Chapter 13: Simulation and Digital Twins
Lesson 4: Sim-to-Real Gap and Validation
This lesson studies why simulated robots often behave differently in the real world, and how to quantify, bound, and reduce that mismatch. We build a mathematical view of the sim-to-real gap as a model error problem, derive error propagation bounds, and present validation workflows for physics-based simulators and digital twins. All methods rely only on concepts from earlier lessons and linear control.
1. What Is the Sim-to-Real Gap?
Let the robot state be \( x(t) \in \mathbb{R}^n \) and control input be \( u(t) \in \mathbb{R}^m \). The real system evolves as \( \dot{x} = f_{\text{real}}(x,u,t) \), while the simulator uses \( \dot{x} = f_{\text{sim}}(x,u,t;\theta) \) with parameters \( \theta \) (masses, frictions, delays, contact constants, sensor models).
The sim-to-real gap is the trajectory discrepancy \( e(t) = x_{\text{real}}(t) - x_{\text{sim}}(t) \). We want to (i) quantify the gap, (ii) bound it analytically, and (iii) validate whether a simulator or digital twin is “good enough” for a task.
flowchart TD
A["Specify task + metrics"] --> B["Build simulator model f_sim(x,u;theta)"]
B --> C["Collect real data under same u(t)"]
C --> D["Compute mismatch e(t)=x_real-x_sim"]
D --> E["Estimate/adjust parameters theta_hat"]
E --> F["Re-simulate with theta_hat"]
F --> G["Validation tests pass?"]
G -->|no| E
G -->|yes| H["Use sim/twin for design + deployment"]
The key idea: treat simulation as a mathematical model and apply the same rigor we use in linear control for model uncertainty and validation.
2. Sources of the Gap as Structured Model Error
Write the difference between real and simulated vector fields as \( \Delta f(x,u,t) = f_{\text{real}}(x,u,t) - f_{\text{sim}}(x,u,t;\theta) \).
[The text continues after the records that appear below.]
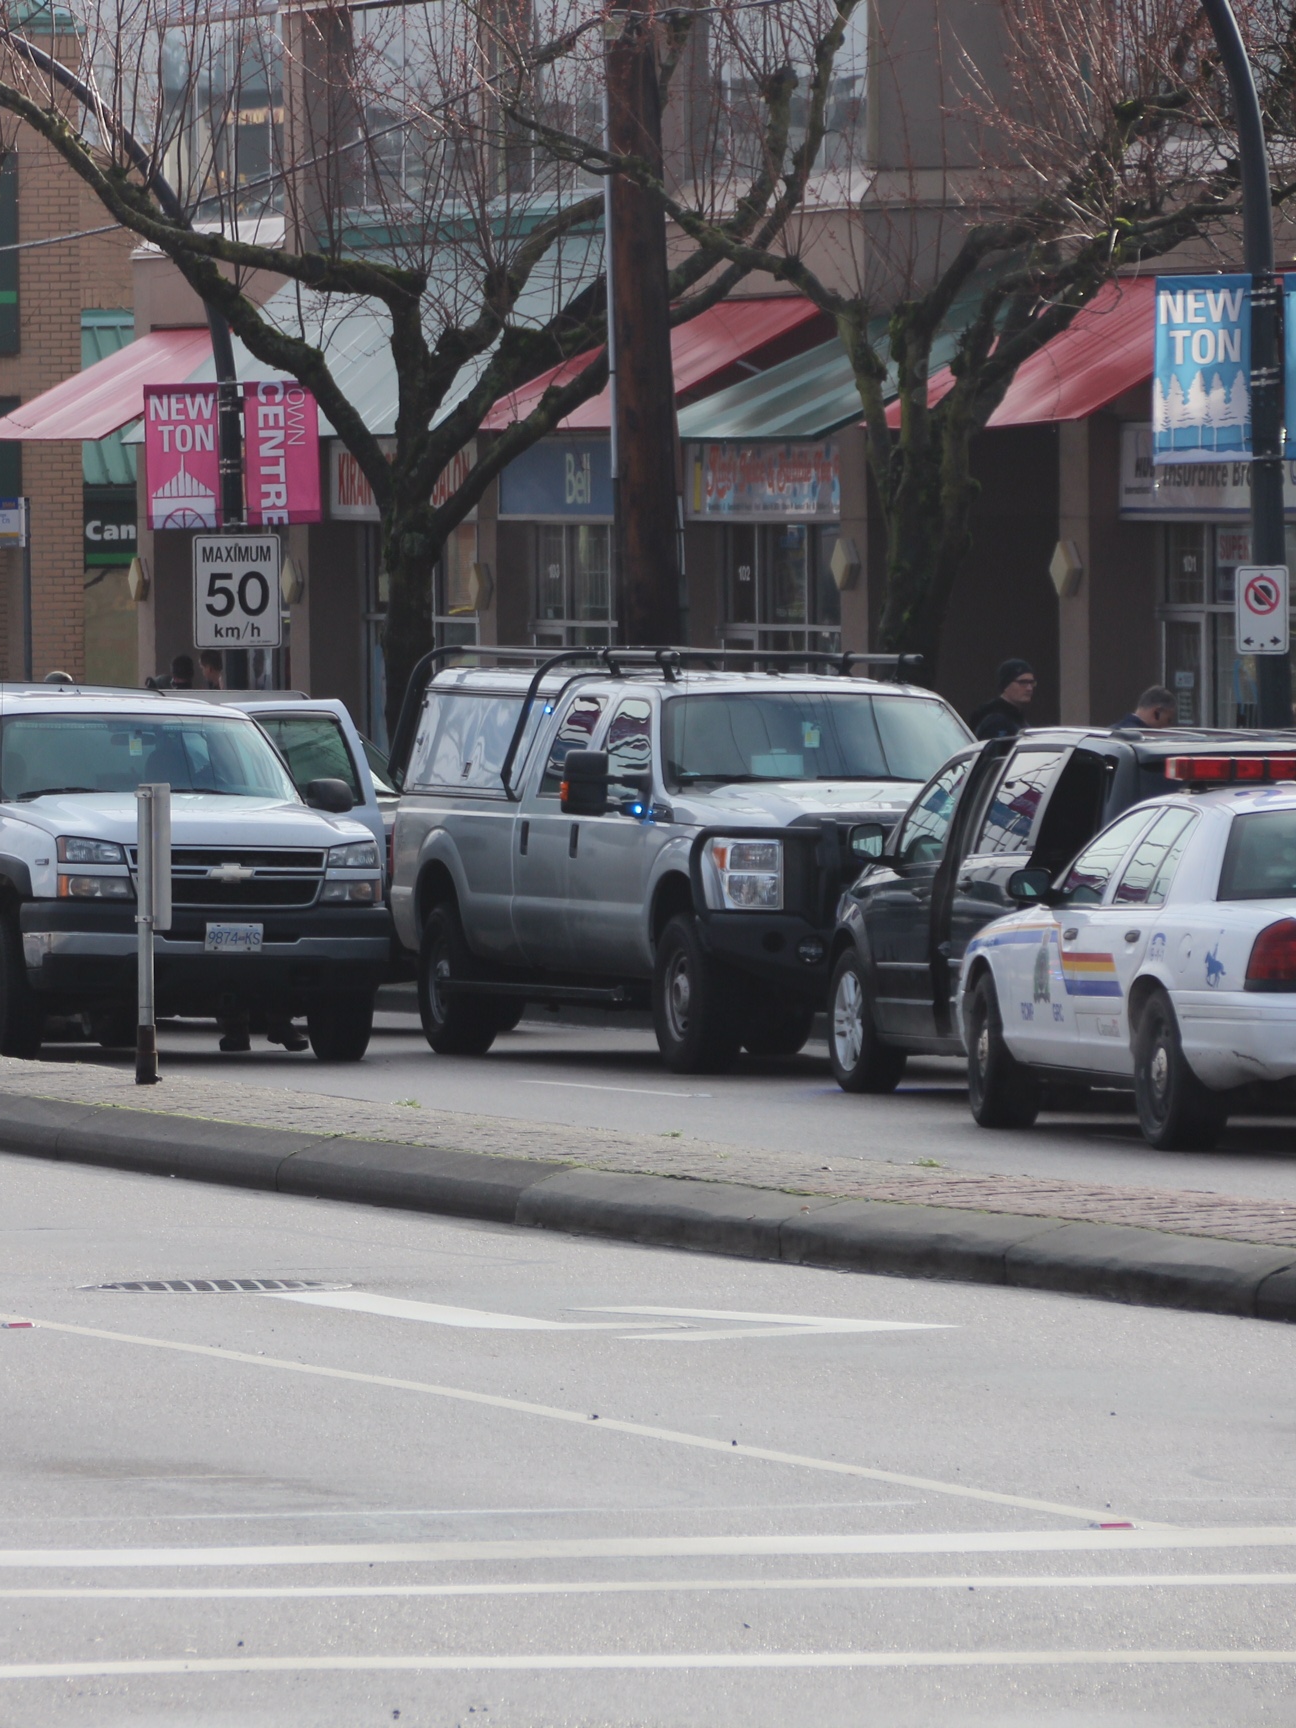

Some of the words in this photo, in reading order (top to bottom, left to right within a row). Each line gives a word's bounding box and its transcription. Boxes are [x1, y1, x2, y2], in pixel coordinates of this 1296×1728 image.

[1160, 288, 1244, 325] NEW
[1169, 328, 1241, 365] TON
[149, 393, 215, 421] NEW
[158, 424, 215, 453] TON
[257, 381, 289, 525] CENTRE
[565, 453, 591, 504] Bell
[202, 545, 271, 562] MAXIMUM
[738, 565, 750, 581] 102
[205, 571, 270, 617] 50
[214, 621, 261, 639] km/h
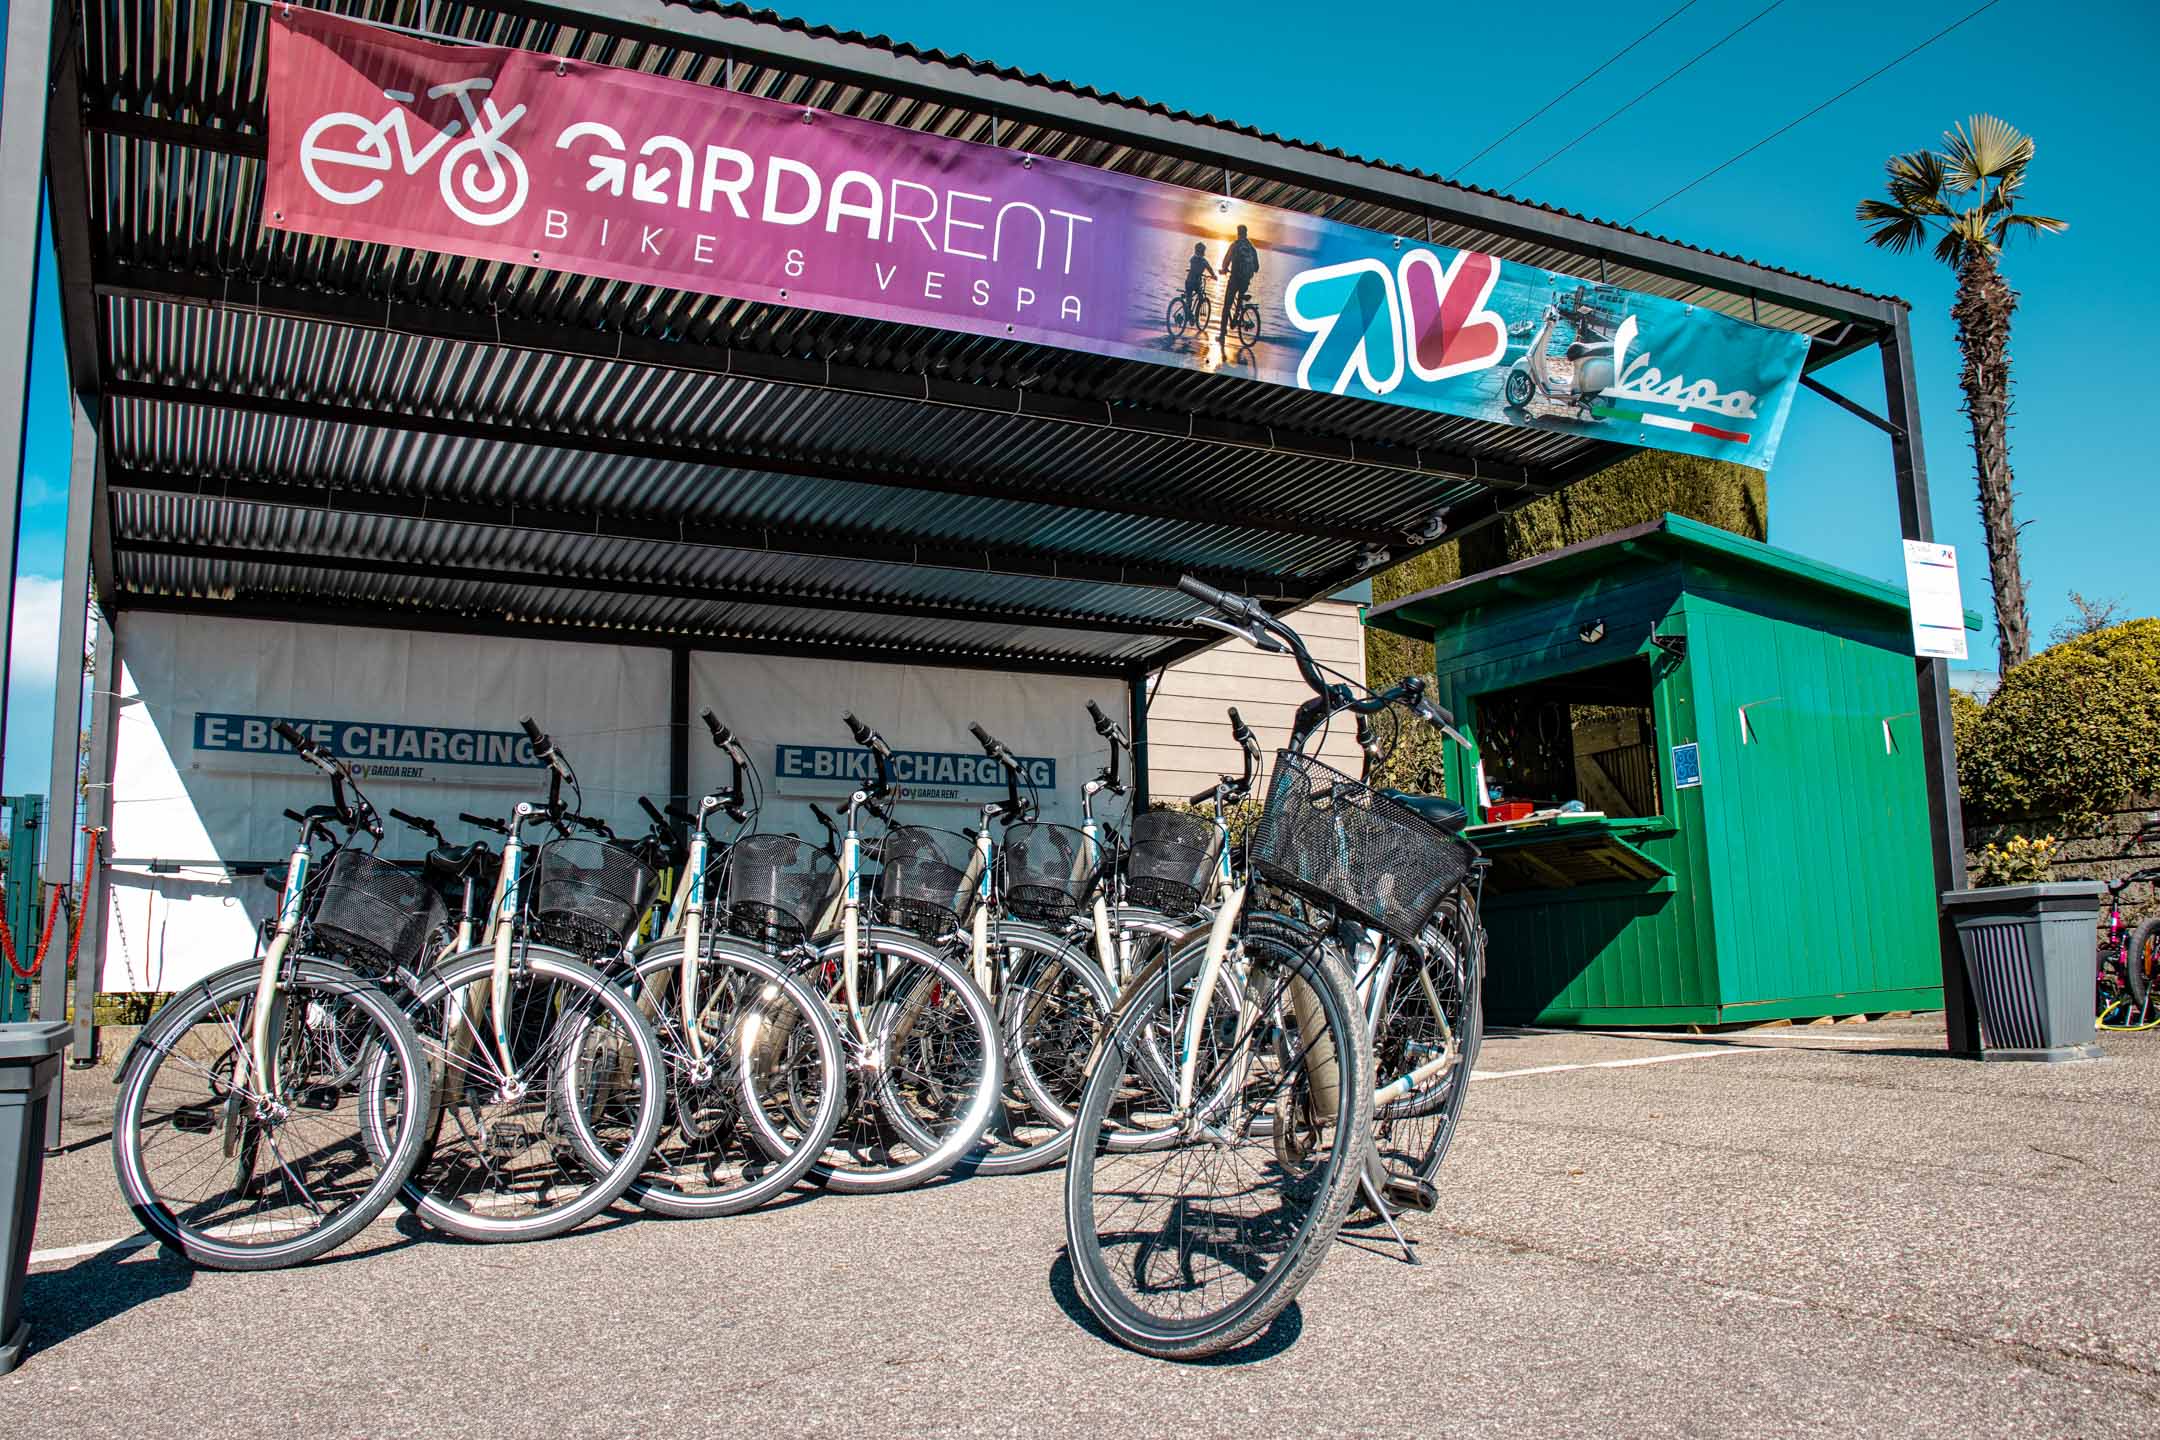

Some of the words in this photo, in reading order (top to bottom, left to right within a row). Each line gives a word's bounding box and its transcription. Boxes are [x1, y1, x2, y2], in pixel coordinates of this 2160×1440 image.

[544, 210, 717, 263] BIKE
[784, 249, 805, 276] &
[875, 262, 1081, 322] VESPA
[1599, 314, 1757, 419] Vespa
[341, 726, 540, 765] CHARGING
[369, 765, 401, 777] GARDA
[401, 767, 424, 778] RENT
[941, 789, 960, 799] RENT
We decompose
\[ \Delta f = \Delta f_{\text{param}} + \Delta f_{\text{struct}} + \Delta f_{\text{num}} + \Delta f_{\text{sens}} . \]
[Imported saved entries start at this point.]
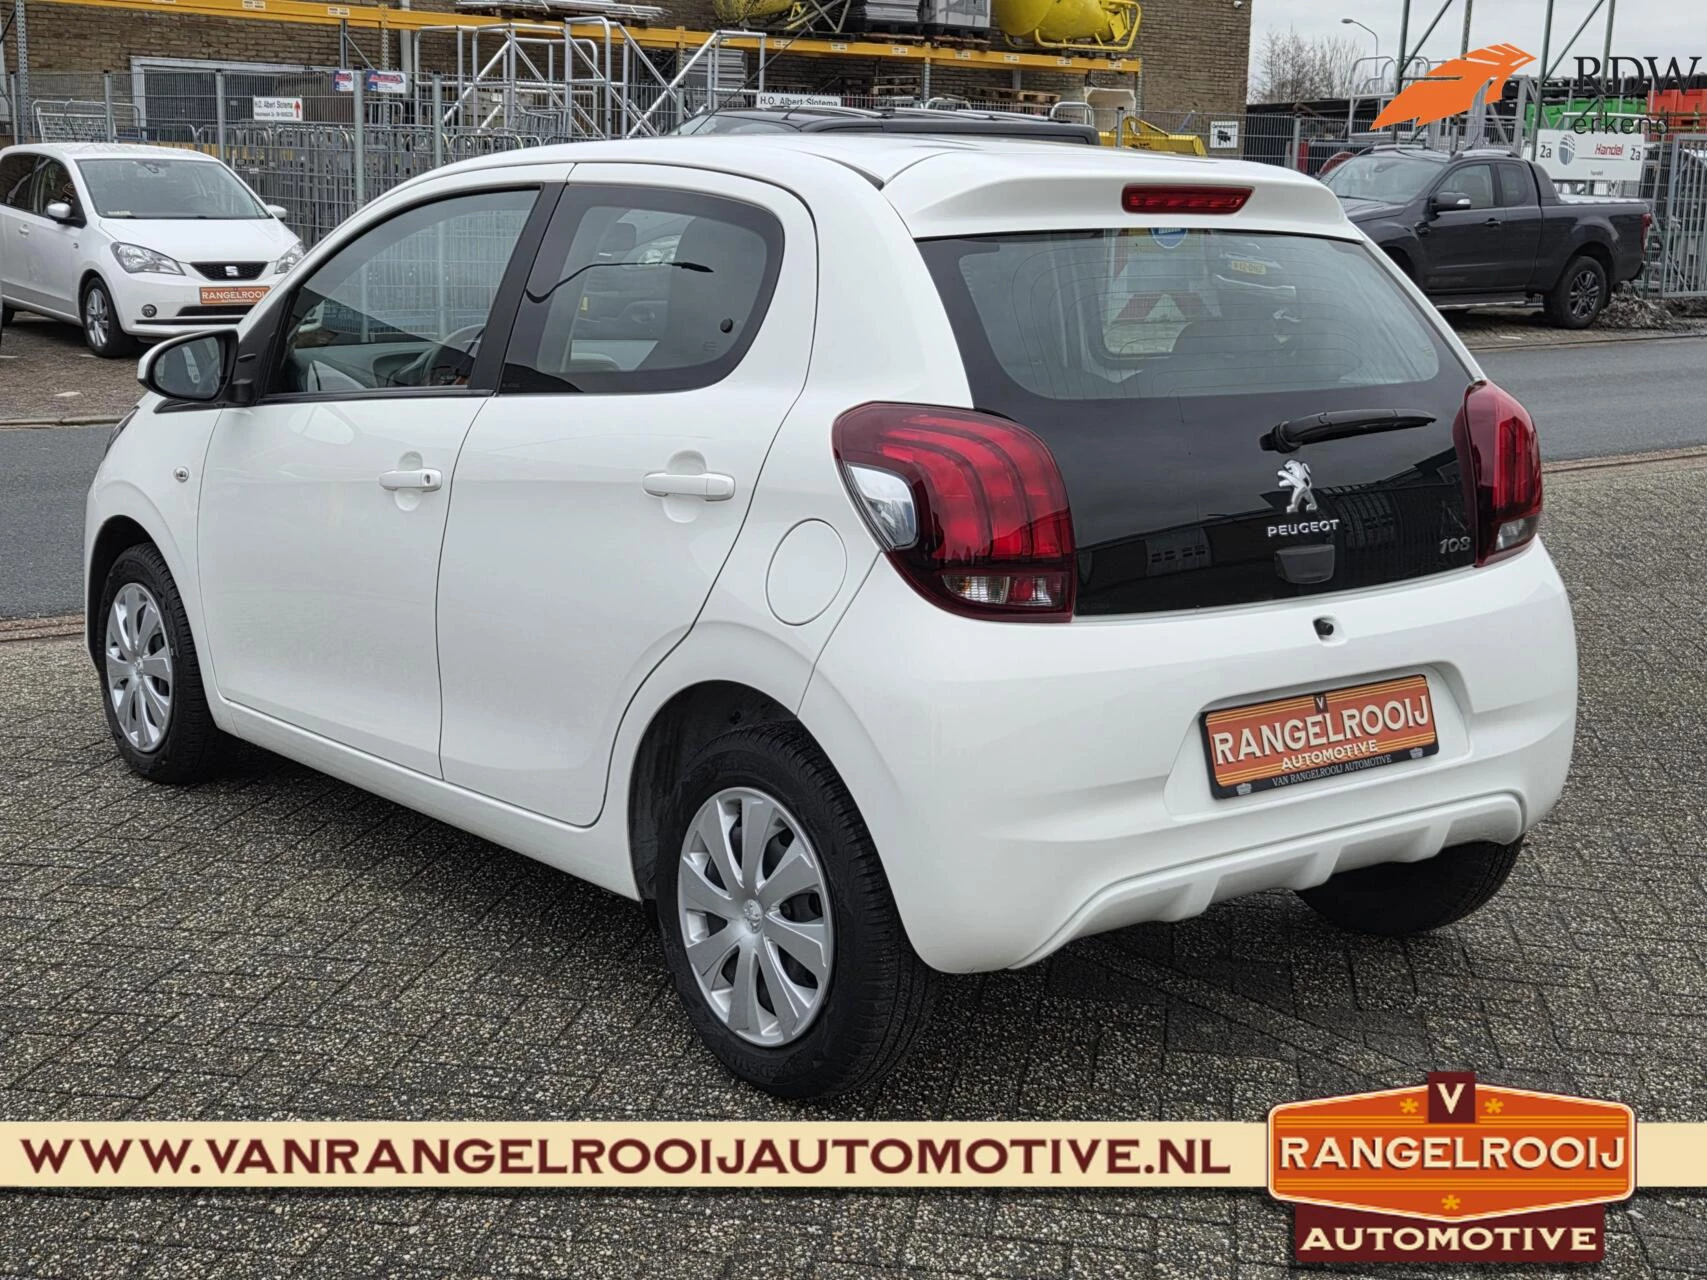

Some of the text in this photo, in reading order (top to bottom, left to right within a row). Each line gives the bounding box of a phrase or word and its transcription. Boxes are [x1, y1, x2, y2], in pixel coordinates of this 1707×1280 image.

[760, 96, 777, 105] H.O.
[780, 97, 803, 106] Albert
[1540, 144, 1552, 158] 2a
[1594, 143, 1625, 157] Handel
[1630, 147, 1641, 160] 2a
[202, 290, 266, 299] RANGELROOI
[1267, 519, 1340, 537] PEUGEOT
[1439, 536, 1471, 554] 108
[1316, 696, 1325, 710] V
[1212, 695, 1429, 765] RANGELROOIJ
[1281, 739, 1378, 771] AUTOMOTIVE
[1272, 754, 1392, 787] VAN RANGELROOIJ AUTOMOTIVE
- \( \Delta f_{\text{param}} \): wrong physical parameters (mass, inertia, friction).
- \( \Delta f_{\text{struct}} \): missing physics (e.g., unmodeled compliance, stiction).
- \( \Delta f_{\text{num}} \): numerical artifacts (time step, solver tolerances).
- \( \Delta f_{\text{sens}} \): sensor/actuator model mismatch (noise, delay, saturation).
In an introductory setting, we emphasize parameter and numerical errors, because these can be corrected using data and careful simulation settings without invoking advanced robotics.
flowchart LR
R["Real robot"] -->|unknown| F1["f_real(x,u)"]
S["Simulator"] -->|uses| F2["f_sim(x,u;theta)"]
F1 --> DF["Delta f = f_real - f_sim"]
F2 --> DF
DF --> P["Param error"]
DF --> ST["Structural error"]
DF --> N["Numerical error"]
DF --> SE["Sensor/actuator error"]
3. Error Propagation and a Fundamental Bound
Assume both systems start from the same state \( x(0)=x_0 \), and inputs are identical. Let \( f_{\text{sim}} \) be Lipschitz in \( x \) with constant \( L \), i.e.,
\[ \| f_{\text{sim}}(x_1,u,t;\theta) - f_{\text{sim}}(x_2,u,t;\theta) \| \le L \|x_1-x_2\|. \]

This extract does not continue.